§ **Problem details**
Set down the records that follow exactly, every line of them.

§ **Dataset excerpts**

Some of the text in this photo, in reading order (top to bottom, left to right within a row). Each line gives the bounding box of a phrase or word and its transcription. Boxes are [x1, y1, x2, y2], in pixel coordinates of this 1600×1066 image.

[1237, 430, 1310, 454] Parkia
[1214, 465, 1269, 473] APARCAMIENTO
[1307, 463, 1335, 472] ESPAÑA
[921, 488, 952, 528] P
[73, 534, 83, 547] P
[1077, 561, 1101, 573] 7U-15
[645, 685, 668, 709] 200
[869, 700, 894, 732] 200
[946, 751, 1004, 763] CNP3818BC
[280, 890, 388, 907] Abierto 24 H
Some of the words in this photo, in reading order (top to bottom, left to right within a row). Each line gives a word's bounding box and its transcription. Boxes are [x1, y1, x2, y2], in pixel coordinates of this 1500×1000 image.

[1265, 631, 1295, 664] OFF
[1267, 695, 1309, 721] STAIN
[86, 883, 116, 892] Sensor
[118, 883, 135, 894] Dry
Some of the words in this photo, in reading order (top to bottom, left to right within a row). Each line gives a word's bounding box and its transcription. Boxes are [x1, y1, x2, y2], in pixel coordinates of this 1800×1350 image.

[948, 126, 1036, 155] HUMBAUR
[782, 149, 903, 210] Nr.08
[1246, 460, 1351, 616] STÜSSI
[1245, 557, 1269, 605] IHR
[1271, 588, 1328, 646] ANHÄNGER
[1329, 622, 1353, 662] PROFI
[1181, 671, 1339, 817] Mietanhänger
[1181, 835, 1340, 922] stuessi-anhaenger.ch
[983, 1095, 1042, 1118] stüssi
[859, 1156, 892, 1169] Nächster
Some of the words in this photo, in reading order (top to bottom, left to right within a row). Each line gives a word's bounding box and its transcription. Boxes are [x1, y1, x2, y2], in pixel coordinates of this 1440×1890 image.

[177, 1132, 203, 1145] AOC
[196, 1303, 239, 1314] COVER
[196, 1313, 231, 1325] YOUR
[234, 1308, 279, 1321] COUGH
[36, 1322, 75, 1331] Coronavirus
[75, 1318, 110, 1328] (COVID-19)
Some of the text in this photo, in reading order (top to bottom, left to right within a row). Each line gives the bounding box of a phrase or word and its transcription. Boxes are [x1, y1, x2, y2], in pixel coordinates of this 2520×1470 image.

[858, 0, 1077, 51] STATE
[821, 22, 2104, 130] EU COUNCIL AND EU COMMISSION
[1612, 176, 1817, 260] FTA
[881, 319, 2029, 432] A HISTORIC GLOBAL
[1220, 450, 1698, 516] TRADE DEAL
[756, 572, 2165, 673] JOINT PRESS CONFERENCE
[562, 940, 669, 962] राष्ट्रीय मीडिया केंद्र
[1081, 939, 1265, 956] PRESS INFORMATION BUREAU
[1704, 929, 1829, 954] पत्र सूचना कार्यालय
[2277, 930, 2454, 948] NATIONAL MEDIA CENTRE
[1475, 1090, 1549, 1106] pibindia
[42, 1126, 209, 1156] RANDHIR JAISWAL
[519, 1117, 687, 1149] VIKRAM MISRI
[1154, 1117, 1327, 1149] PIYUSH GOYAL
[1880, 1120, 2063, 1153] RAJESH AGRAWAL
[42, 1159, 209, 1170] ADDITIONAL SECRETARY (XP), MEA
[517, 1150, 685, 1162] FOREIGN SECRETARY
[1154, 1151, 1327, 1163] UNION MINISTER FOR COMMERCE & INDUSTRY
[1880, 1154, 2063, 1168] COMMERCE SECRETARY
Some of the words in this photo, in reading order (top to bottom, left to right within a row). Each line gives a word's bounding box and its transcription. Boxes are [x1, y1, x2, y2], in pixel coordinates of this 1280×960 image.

§ **Final answer**
Some of the text in this photo, in reading order (top to bottom, left to right within a row). Each line gives the bounding box of a phrase or word and its transcription. Boxes are [x1, y1, x2, y2], in pixel coordinates of this 1600×1066 image.

[1237, 430, 1310, 454] Parkia
[1214, 465, 1269, 473] APARCAMIENTO
[1307, 463, 1335, 472] ESPAÑA
[921, 488, 952, 528] P
[73, 534, 83, 547] P
[1077, 561, 1101, 573] 7U-15
[645, 685, 668, 709] 200
[869, 700, 894, 732] 200
[946, 751, 1004, 763] CNP3818BC
[280, 890, 388, 907] Abierto 24 H
Some of the words in this photo, in reading order (top to bottom, left to right within a row). Each line gives a word's bounding box and its transcription. Boxes are [x1, y1, x2, y2], in pixel coordinates of this 1500×1000 image.

[1265, 631, 1295, 664] OFF
[1267, 695, 1309, 721] STAIN
[86, 883, 116, 892] Sensor
[118, 883, 135, 894] Dry
Some of the words in this photo, in reading order (top to bottom, left to right within a row). Each line gives a word's bounding box and its transcription. Boxes are [x1, y1, x2, y2], in pixel coordinates of this 1800×1350 image.

[948, 126, 1036, 155] HUMBAUR
[782, 149, 903, 210] Nr.08
[1246, 460, 1351, 616] STÜSSI
[1245, 557, 1269, 605] IHR
[1271, 588, 1328, 646] ANHÄNGER
[1329, 622, 1353, 662] PROFI
[1181, 671, 1339, 817] Mietanhänger
[1181, 835, 1340, 922] stuessi-anhaenger.ch
[983, 1095, 1042, 1118] stüssi
[859, 1156, 892, 1169] Nächster
Some of the words in this photo, in reading order (top to bottom, left to right within a row). Each line gives a word's bounding box and its transcription. Boxes are [x1, y1, x2, y2], in pixel coordinates of this 1440×1890 image.

[177, 1132, 203, 1145] AOC
[196, 1303, 239, 1314] COVER
[196, 1313, 231, 1325] YOUR
[234, 1308, 279, 1321] COUGH
[36, 1322, 75, 1331] Coronavirus
[75, 1318, 110, 1328] (COVID-19)
Some of the text in this photo, in reading order (top to bottom, left to right within a row). Each line gives the bounding box of a phrase or word and its transcription. Boxes are [x1, y1, x2, y2], in pixel coordinates of this 2520×1470 image.

[858, 0, 1077, 51] STATE
[821, 22, 2104, 130] EU COUNCIL AND EU COMMISSION
[1612, 176, 1817, 260] FTA
[881, 319, 2029, 432] A HISTORIC GLOBAL
[1220, 450, 1698, 516] TRADE DEAL
[756, 572, 2165, 673] JOINT PRESS CONFERENCE
[562, 940, 669, 962] राष्ट्रीय मीडिया केंद्र
[1081, 939, 1265, 956] PRESS INFORMATION BUREAU
[1704, 929, 1829, 954] पत्र सूचना कार्यालय
[2277, 930, 2454, 948] NATIONAL MEDIA CENTRE
[1475, 1090, 1549, 1106] pibindia
[42, 1126, 209, 1156] RANDHIR JAISWAL
[519, 1117, 687, 1149] VIKRAM MISRI
[1154, 1117, 1327, 1149] PIYUSH GOYAL
[1880, 1120, 2063, 1153] RAJESH AGRAWAL
[42, 1159, 209, 1170] ADDITIONAL SECRETARY (XP), MEA
[517, 1150, 685, 1162] FOREIGN SECRETARY
[1154, 1151, 1327, 1163] UNION MINISTER FOR COMMERCE & INDUSTRY
[1880, 1154, 2063, 1168] COMMERCE SECRETARY
Some of the words in this photo, in reading order (top to bottom, left to right within a row). Each line gives a word's bounding box and its transcription. Boxes are [x1, y1, x2, y2], in pixel coordinates of this 1280×960 image.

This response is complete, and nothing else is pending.